"Esophageal cancer is among the top 10 deadliest cancers worldwide, with the adenocarcinoma (EAC) variant representing the predominant histological subtype in western countries. The standard therapy for esophageal adenocarcinoma is pre-operative neoadjuvant chemo-radiation and surgery. Only about 20% of patients achieve a pathological complete response (pCR) and increased 5-year survival after NACR. Understanding the mechanisms of response to NACR is pivotal to better stratify patients and inform the design of more efficacious therapies.
Evidence suggests that the neoadjuvant chemo-radiatiotherapy stimulates anti-cancer immune responses, which may contribute to the long-term effects of successful treatments.
Tumor-specific responses of T lymphocytes, cells of the immune system, are directed against proteins from DNA mutations in the tumor, that are recognized as ""non-self"".
This project investigates whether the apathologic complete response to neoadjuvant chemo-radiotherapy treatment achieved in a fraction of patients with esophageal cancer may result from the stimulation of tumor-specific immune responses that contributes to cancer cell elimination.
This proof-of concept study may lead to the definition of novel and more efficacious immunotherapeutic approaches for EAC, including the design of cancer vaccines to newly diagnosed cases to block disease progression, with a strong impact in ameliorating the patients quality of life.
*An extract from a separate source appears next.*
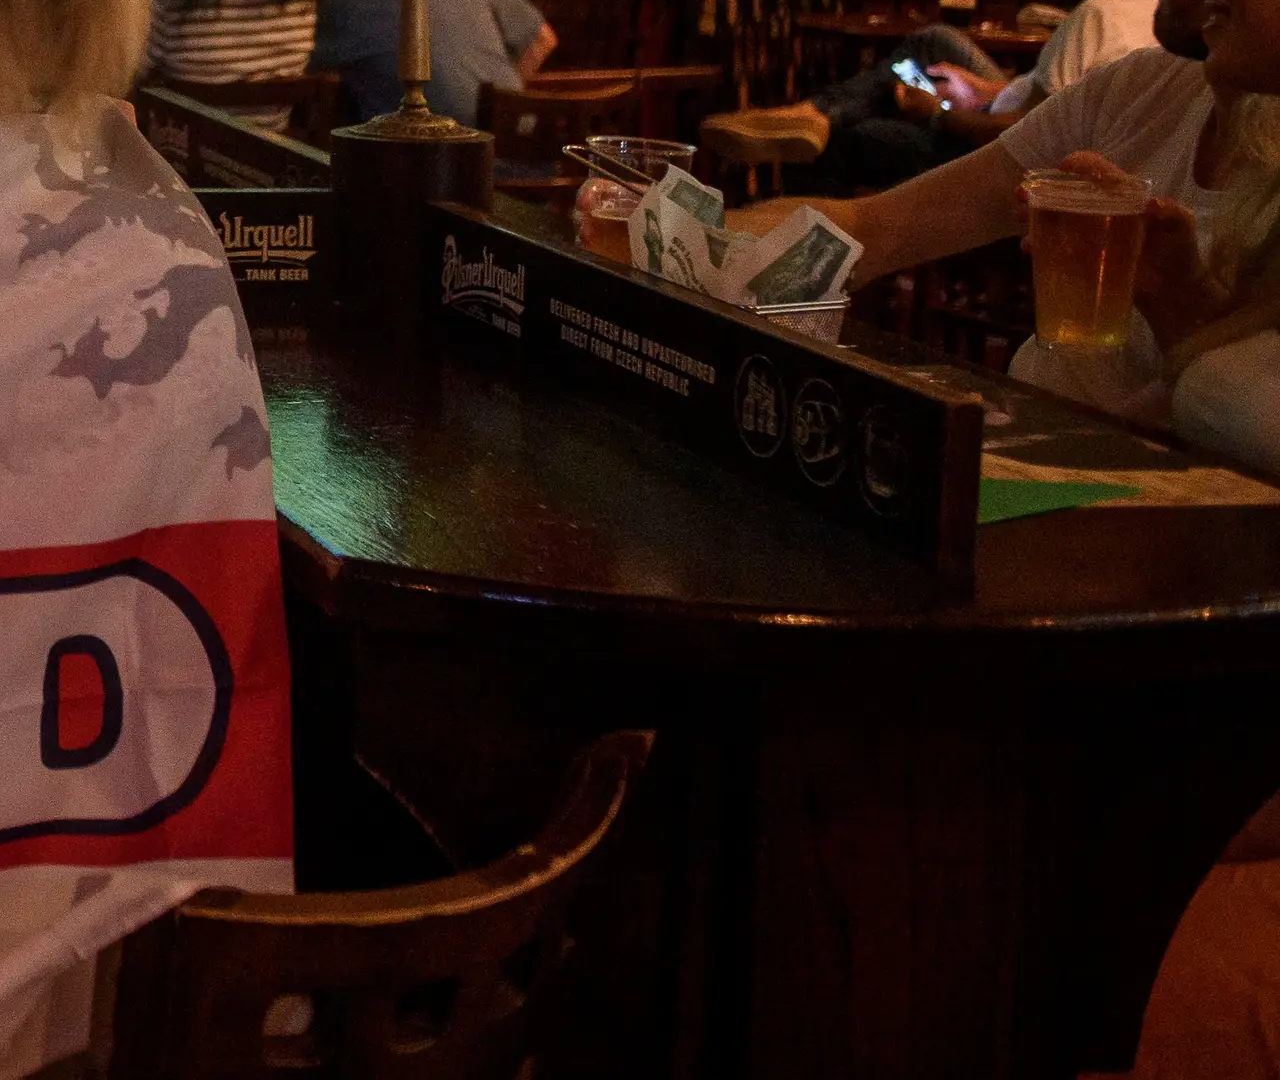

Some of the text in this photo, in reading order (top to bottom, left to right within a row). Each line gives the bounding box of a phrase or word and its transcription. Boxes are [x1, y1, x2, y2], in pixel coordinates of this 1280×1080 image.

The overall objective of this project are to investigate the molecular and cellular mechanisms of immune response against esophageal cancer upon neoadjuvant chemo-radiotherapy, by comparing responder and non-responder patients for the molecular pathways in the tumor, the infiltration of cells of the immune system in the tumor and the regognition of tumor DNA mutation by the patients immune system."